My conclusion: It’s time to pass the torch to a new generation of West Virginians. My generation took over a strong Democratic Party and let it fall apart, year after year, until there’s almost nothing left.

It’s time for our generation, the young insurgents of the 1960s and ’70s, to step aside, to give up the leadership roles we have so poorly carried out. I firmly believe that the elected party leaders on all levels, from my lowly position as vice chairman of the executive committee of one of the smallest counties in the state (41st in population) all the way up to the officers of the state executive committee, need to make way for a new generation of Democrats.

A longtime party leader, who has resigned all his posts, wrote me:

“I am and will always remain a very proud and dedicated member of the Democratic Party. If I have any remaining role in politics it might be to help mentor and encourage young people who may be willing to pick up the pieces and assume the mantle of responsibility in furthering the important values and principles of our party.”

As a generation of Democrats, we’ve been weighed in the balance and found wanting.

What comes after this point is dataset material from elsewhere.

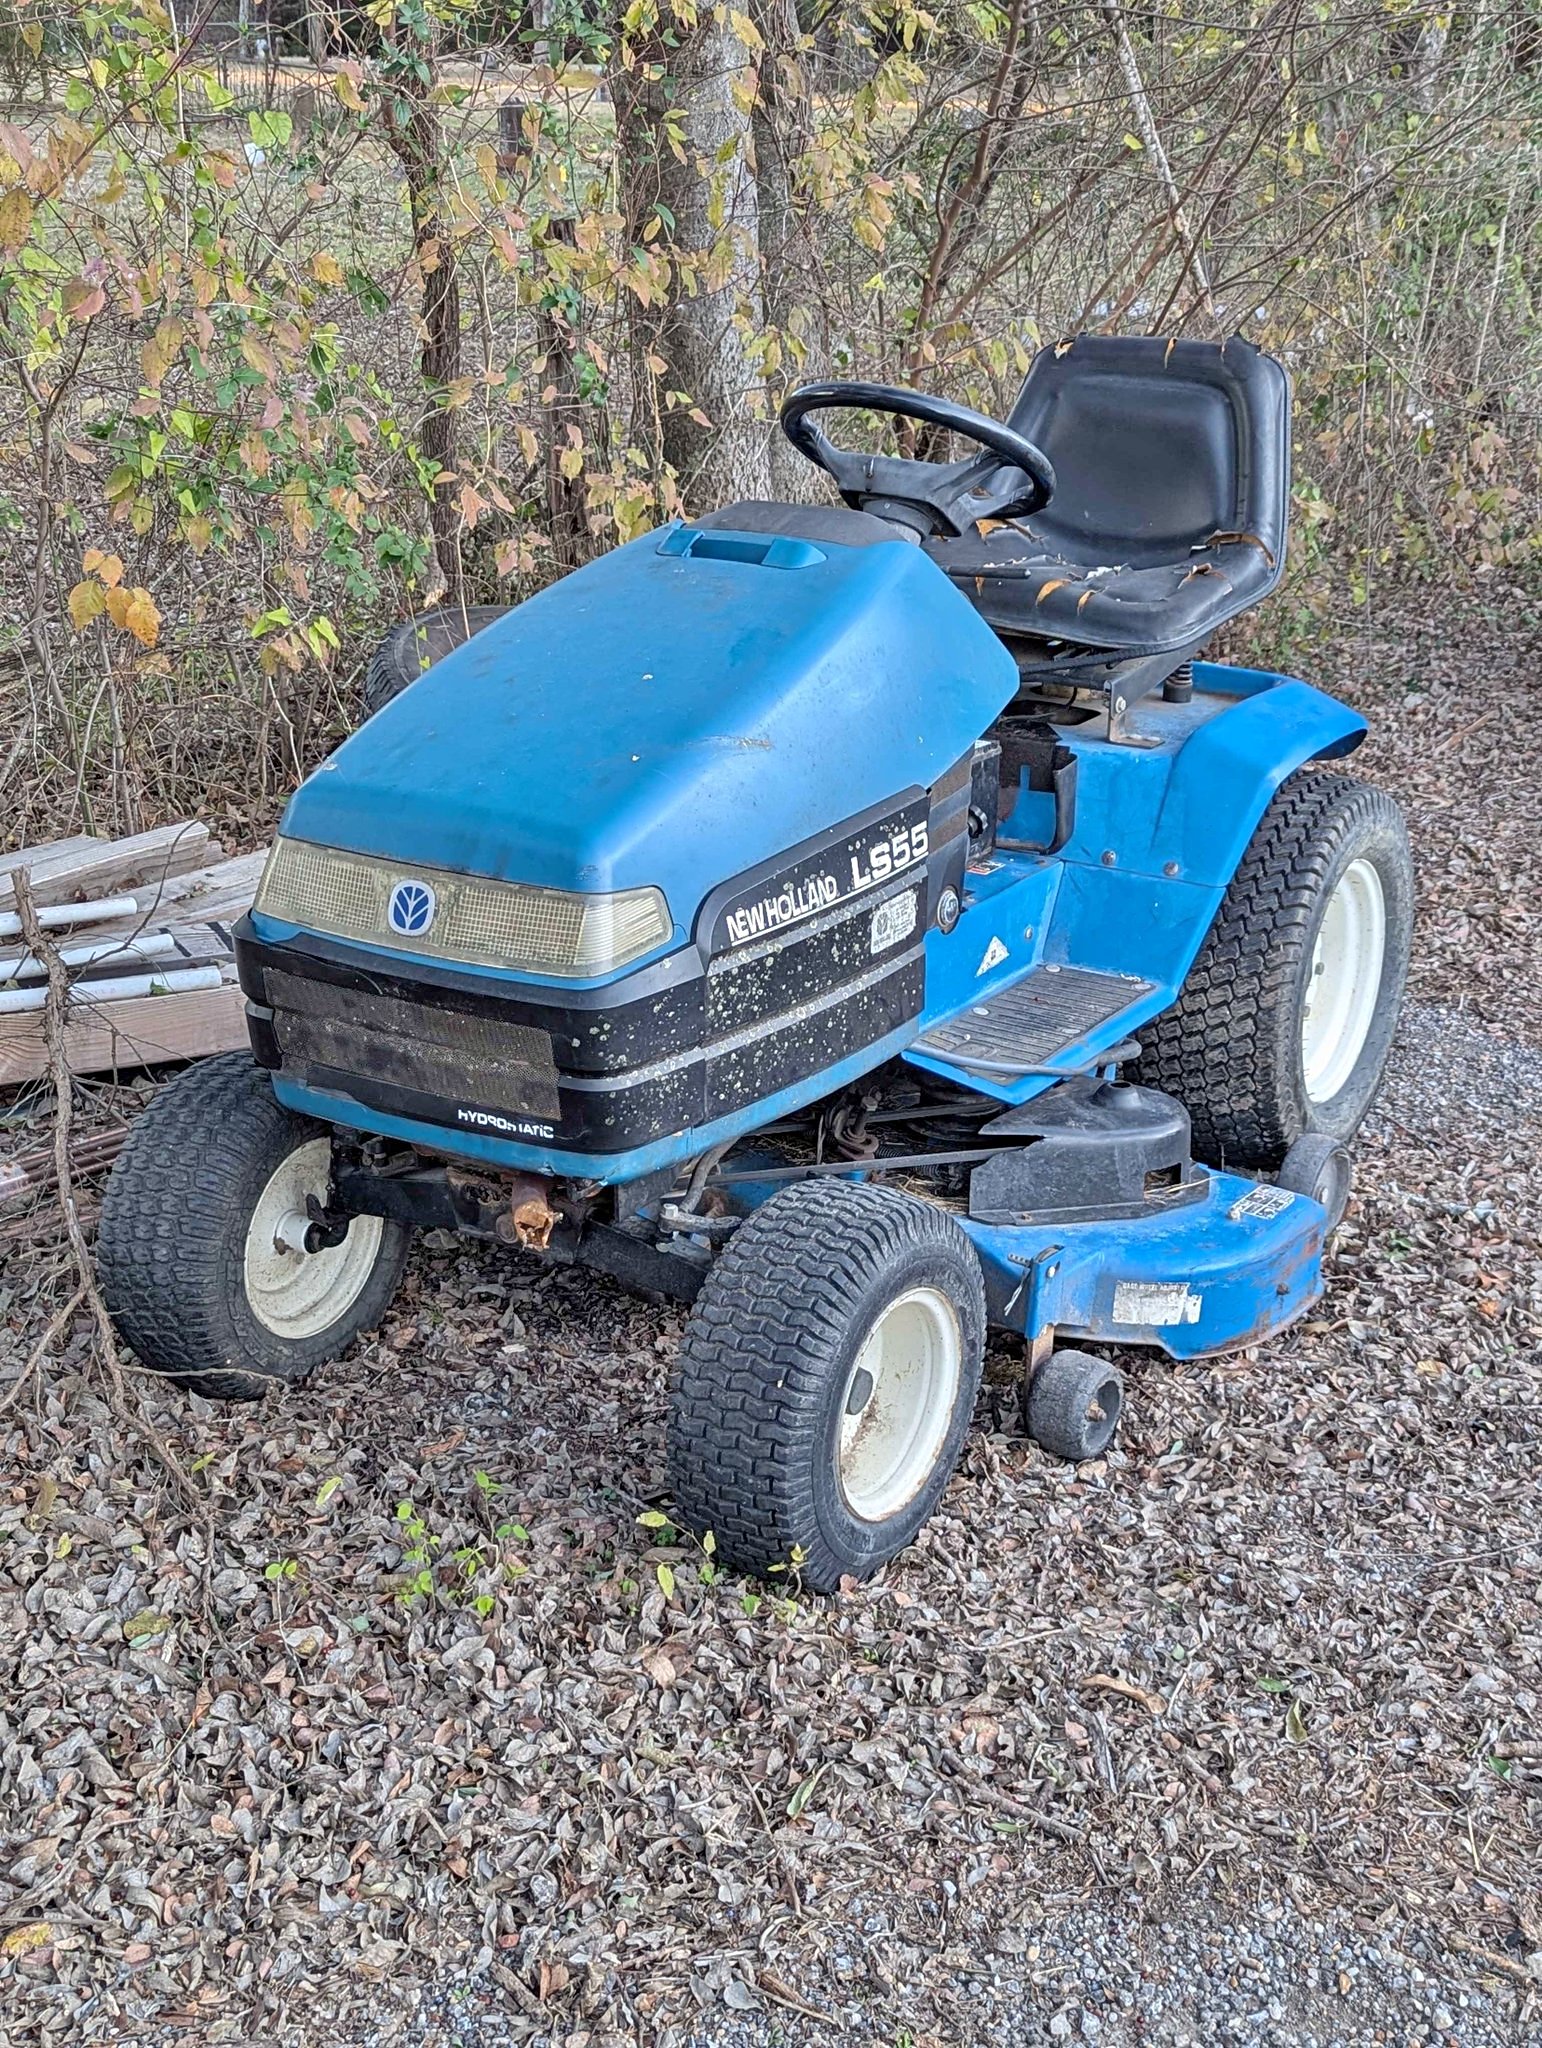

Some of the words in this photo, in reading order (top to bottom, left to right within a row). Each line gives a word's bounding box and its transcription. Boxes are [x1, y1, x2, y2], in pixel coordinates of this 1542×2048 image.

[726, 902, 765, 941] NEW
[765, 875, 837, 926] HOLLAND
[851, 820, 928, 889] LS55

If we have a useful role to play, it’s as mentors and advisers to any young leader who might choose to seek our help.

Otherwise, it’s the park bench and the Hardee’s morning coffee group for us.

Yes another cut and paste.   Guilty as charged.  Lol

I thought this was a ' pyro, pass the ranch ' thread

hello i am here. 

Hi!

 

Time for the next generations

to drive evolution 

and hopefully compassion     As well as care and stewardship of our planet

 

 

agreed, lltd. 

 

No doubt about it

 

Our generation will most likely find a way to fuck it up too, haha

Ah but the next generation's gonna be the best one since the Greatest one.

Myself, I raised 2 young adults that are part of the solutions, both with Masters >>

Environmental Scientist + Social Worker

What have you done for our future ?

^w/ nice strong neoliberal ideology. money money money. 

Neither Environmental Scientist or Social Worker are among the most well-paying jobs one could get w/ a Masters.

 

Do you believe no one should get a Master's degree? How about a BS? Should nobody aspire to get a HS diploma?

Making pizza will advance societal evolution

 

Brother pyro's done smoked himself retarded.

Two of my kids are neoliberal fucks. The other is a Communist/Anarchist. I love them equally.

Im sure that in the long run I'll love the neoliberal fucks more, though, because they'll have the money to support my sorry, low earning, do-gooder ass, as well as their Pinko sister's.

 >>>>>Communist/Anarchist

 

Never understood why those 2 concepts go together.

An Anarchist, by definition, believes that there should be no government. Communism, as envisioned by Marx (until the final stages) or as practiced by N, Korea, USSR, or China, has a large government and lots of rules.

Trust me, Surf, I make fun of her for that all the time. On the upside, she knows that she's full of shit, and why.